*Exercise aim*. Set all the entries down again, unaltered.

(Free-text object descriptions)
^^^^^^^^^^^^^^^^
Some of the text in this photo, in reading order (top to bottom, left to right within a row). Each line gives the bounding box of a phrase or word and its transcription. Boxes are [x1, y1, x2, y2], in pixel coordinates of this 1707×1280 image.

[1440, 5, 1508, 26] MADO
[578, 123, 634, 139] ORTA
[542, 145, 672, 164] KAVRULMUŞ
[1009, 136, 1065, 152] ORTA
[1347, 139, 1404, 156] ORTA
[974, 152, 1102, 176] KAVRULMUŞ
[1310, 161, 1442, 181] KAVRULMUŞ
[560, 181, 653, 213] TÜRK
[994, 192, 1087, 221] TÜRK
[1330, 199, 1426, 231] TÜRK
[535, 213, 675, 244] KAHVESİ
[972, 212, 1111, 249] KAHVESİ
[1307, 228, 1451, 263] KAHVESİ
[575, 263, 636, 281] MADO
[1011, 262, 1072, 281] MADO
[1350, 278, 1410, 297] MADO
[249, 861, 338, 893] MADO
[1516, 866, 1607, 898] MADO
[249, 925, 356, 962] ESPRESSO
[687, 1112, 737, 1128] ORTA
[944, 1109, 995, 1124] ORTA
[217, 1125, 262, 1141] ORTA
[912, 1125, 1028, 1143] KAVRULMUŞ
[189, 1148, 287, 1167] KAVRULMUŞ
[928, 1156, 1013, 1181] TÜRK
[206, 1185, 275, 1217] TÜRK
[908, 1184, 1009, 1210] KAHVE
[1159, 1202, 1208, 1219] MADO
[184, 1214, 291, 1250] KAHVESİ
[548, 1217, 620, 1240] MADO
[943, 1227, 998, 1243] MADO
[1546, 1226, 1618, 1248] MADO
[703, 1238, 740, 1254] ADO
^^^^^^^^^^^^^^^^
*Answer to this task*.
Some of the text in this photo, in reading order (top to bottom, left to right within a row). Each line gives the bounding box of a phrase or word and its transcription. Boxes are [x1, y1, x2, y2], in pixel coordinates of this 1707×1280 image.

[1440, 5, 1508, 26] MADO
[578, 123, 634, 139] ORTA
[542, 145, 672, 164] KAVRULMUŞ
[1009, 136, 1065, 152] ORTA
[1347, 139, 1404, 156] ORTA
[974, 152, 1102, 176] KAVRULMUŞ
[1310, 161, 1442, 181] KAVRULMUŞ
[560, 181, 653, 213] TÜRK
[994, 192, 1087, 221] TÜRK
[1330, 199, 1426, 231] TÜRK
[535, 213, 675, 244] KAHVESİ
[972, 212, 1111, 249] KAHVESİ
[1307, 228, 1451, 263] KAHVESİ
[575, 263, 636, 281] MADO
[1011, 262, 1072, 281] MADO
[1350, 278, 1410, 297] MADO
[249, 861, 338, 893] MADO
[1516, 866, 1607, 898] MADO
[249, 925, 356, 962] ESPRESSO
[687, 1112, 737, 1128] ORTA
[944, 1109, 995, 1124] ORTA
[217, 1125, 262, 1141] ORTA
[912, 1125, 1028, 1143] KAVRULMUŞ
[189, 1148, 287, 1167] KAVRULMUŞ
[928, 1156, 1013, 1181] TÜRK
[206, 1185, 275, 1217] TÜRK
[908, 1184, 1009, 1210] KAHVE
[1159, 1202, 1208, 1219] MADO
[184, 1214, 291, 1250] KAHVESİ
[548, 1217, 620, 1240] MADO
[943, 1227, 998, 1243] MADO
[1546, 1226, 1618, 1248] MADO
[703, 1238, 740, 1254] ADO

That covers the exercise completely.